Overview

A Research Study Comparing a New Medicine Oral Semaglutide to Sitagliptin in People With Type 2 Diabetes

Status:
Active, not recruiting

Trial end date:
2021-11-01

Target enrollment:
0

Participant gender:
All

Summary

This study compares 2 medicines for type 2 diabetes: oral semaglutide (a new medicine) and sitagliptin (a medicine doctors can already prescribe). Participants will either get oral semaglutide or sitagliptin - which treatment is decided by chance. Participants will get 2 tablets a day to take first thing in the morning on an empty stomach. Only 1 tablet has study medicine in it. The other tablet is a dummy medicine (placebo). After taking the semaglutide tablet, participants may not eat or drink anything for at least 30 minutes. After the 30 minutes, participants must take the sitagliptin tablet. Then participants can have their first meal of the day and take any other medicines they may need, including their metformin. The study will last for about 7 months (33 weeks). Participants will have 8 clinic visits and 1 phone call with the study doctor. At all 8 of the clinic visits, participants will have blood samples taken.

Phase:

Phase 3

Accepts Healthy Volunteers?

Details

Lead Sponsor:

Novo Nordisk A/S

Treatments:

Metformin
Sitagliptin Phosphate

Criteria

Inclusion Criteria:

- Informed consent obtained before any trial-related activities. Trial-related
activities are any procedures that are carried out as part of the trial, including
activities to determine suitability for the trial.

- Male or female, age above or equal to 18 years at the time of signing informed
consent.

For Algeria only: Male or female, age above or equal to 19 years at the time of signing
informed consent.

For Taiwan only: Male or female, age above or equal to 20 years at the time of signing
informed consent

- Diagnosed with type 2 diabetes mellitus 60 days or more prior to day of screening.

- HbA1c between 7.0-10.5% (53-91 mmol/mol) (both inclusive).

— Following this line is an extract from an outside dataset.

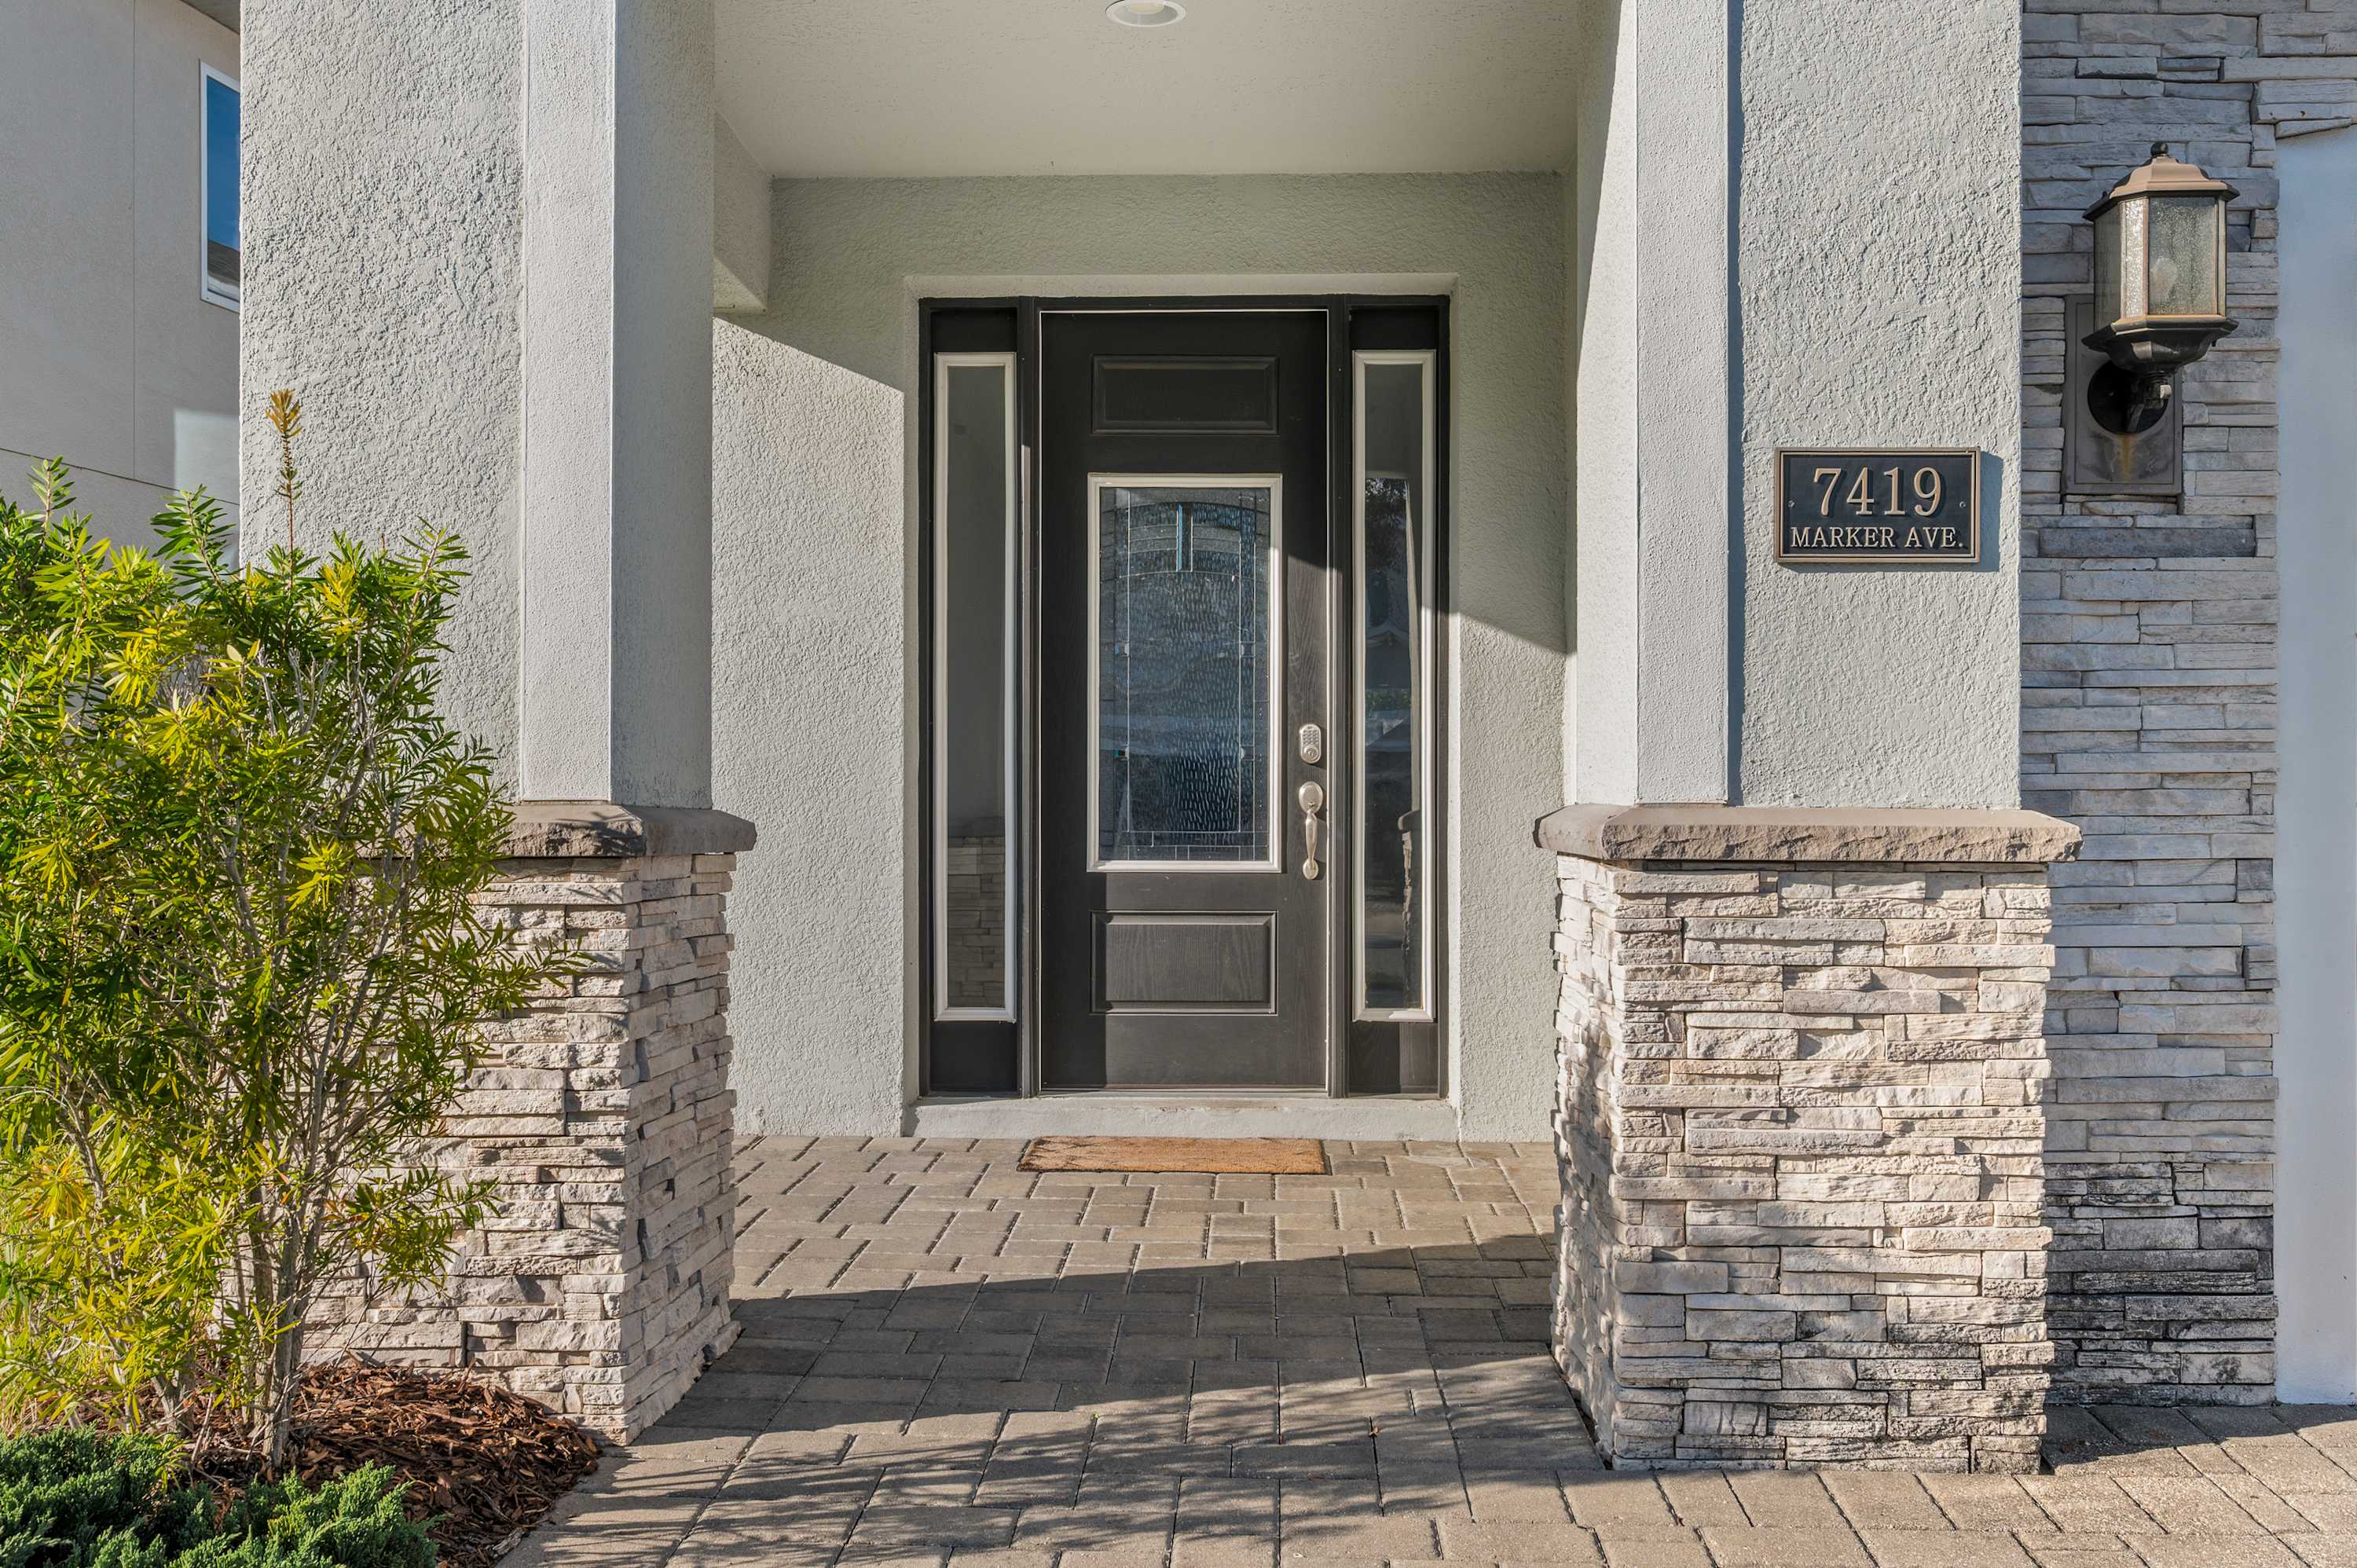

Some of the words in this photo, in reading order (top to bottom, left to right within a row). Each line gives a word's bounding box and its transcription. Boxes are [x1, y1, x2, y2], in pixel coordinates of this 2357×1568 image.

- Stable daily dose of metformin (equal to or above 1500 mg or maximum tolerated dose as
documented in the subject medical record) 60 days or more prior to day of screening

Exclusion Criteria:

- Female who is pregnant, breast-feeding or intends to become pregnant or is of
child-bearing potential and not using a highly effective contraceptive method
(adequate contraceptive measure as required by local regulation or practice).

- Family or personal history of multiple endocrine neoplasia type 2 (MEN 2) or medullary
thyroid carcinoma (MTC). Family is defined as a first degree relative.

- History or presence of pancreatitis (acute or chronic).

- History of major surgical procedures involving the stomach potentially affecting
absorption of trial product (e.g. subtotal and total gastrectomy, sleeve gastrectomy,
gastric bypass surgery).

- Any of the following: myocardial infarction, stroke, hospitalization for unstable
angina or transient ischaemic attack within the past 180 days prior to the day of
screening and randomisation.

- Subjects presently classified as being in New York Heart Association (NYHA) Class IV.

- Planned coronary, carotid or peripheral artery revascularisation known on the day of
screening.

- Renal impairment measured as estimated glomerular filtration rate (eGFR) below 60
mL/min/1.73 m^2 as per Chronic Kidney Disease Epidemiology Collaboration formula
(CKD-EPI).

- Subjects with alanine aminotransferase (ALT) above 2.5 x upper limit of the normal
(ULN).

- Uncontrolled and potentially unstable diabetic retinopathy or maculopathy. Verified by
a pharmacologically pupil-dilated fundus examination performed by an ophthalmologist
or another suitably qualified health care provider within the past 90 days prior to
screening or in the period between screening and randomisation. Fundus examination
without dilation is only allowed if the digital camera used for fundus photography has
this feature.

- Presence or history of malignant neoplasms within the past 5 years prior to the day of
screening. Basal and squamous cell skin cancer and any carcinoma in-situ is allowed.